Task: The whole listing below, with no pictures, is to be repeated as it stands.

Recorded data:
-------------------------

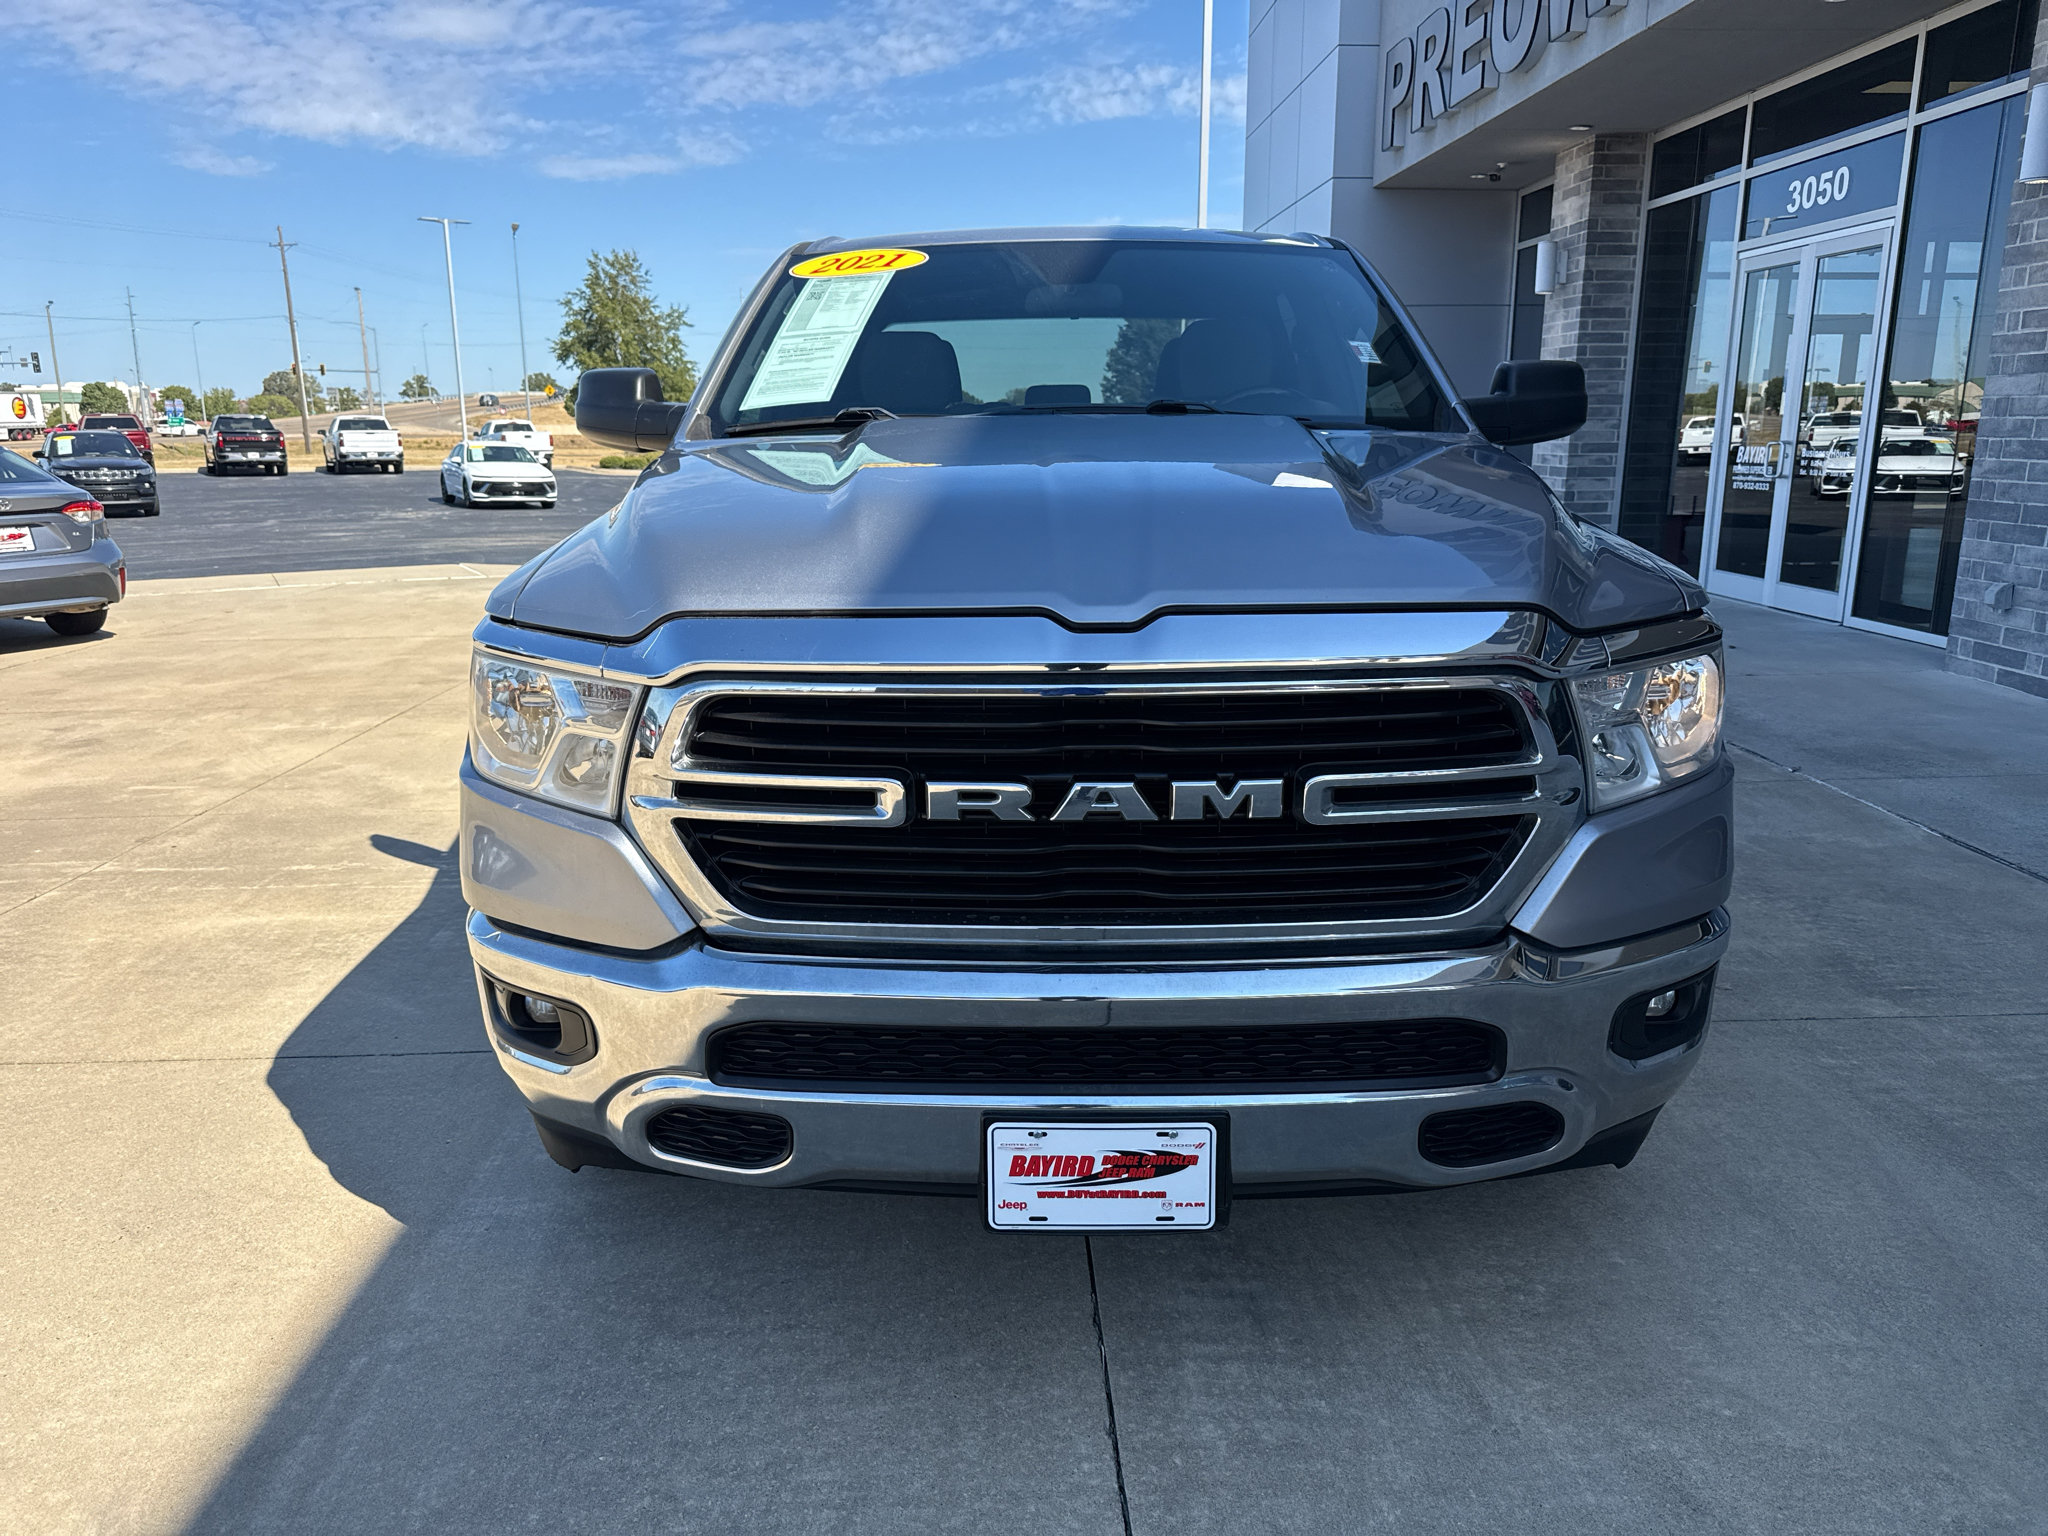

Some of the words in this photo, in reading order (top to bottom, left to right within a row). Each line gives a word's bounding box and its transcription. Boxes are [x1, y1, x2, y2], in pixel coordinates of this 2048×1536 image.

[1381, 0, 1625, 152] PREO
[1786, 166, 1850, 214] 3050
[809, 254, 905, 274] 2021
[926, 780, 1284, 820] RAM
[1009, 1155, 1096, 1177] BAYIRD
[1101, 1155, 1140, 1165] DODGE
[1141, 1155, 1199, 1165] CHRYSLER
[1098, 1167, 1126, 1178] JEEP
[1128, 1167, 1156, 1178] RAM
[998, 1199, 1027, 1211] Jeep

-------------------------

Exercise solution:
Some of the words in this photo, in reading order (top to bottom, left to right within a row). Each line gives a word's bounding box and its transcription. Boxes are [x1, y1, x2, y2], in pixel coordinates of this 2048×1536 image.

[1381, 0, 1625, 152] PREO
[1786, 166, 1850, 214] 3050
[809, 254, 905, 274] 2021
[926, 780, 1284, 820] RAM
[1009, 1155, 1096, 1177] BAYIRD
[1101, 1155, 1140, 1165] DODGE
[1141, 1155, 1199, 1165] CHRYSLER
[1098, 1167, 1126, 1178] JEEP
[1128, 1167, 1156, 1178] RAM
[998, 1199, 1027, 1211] Jeep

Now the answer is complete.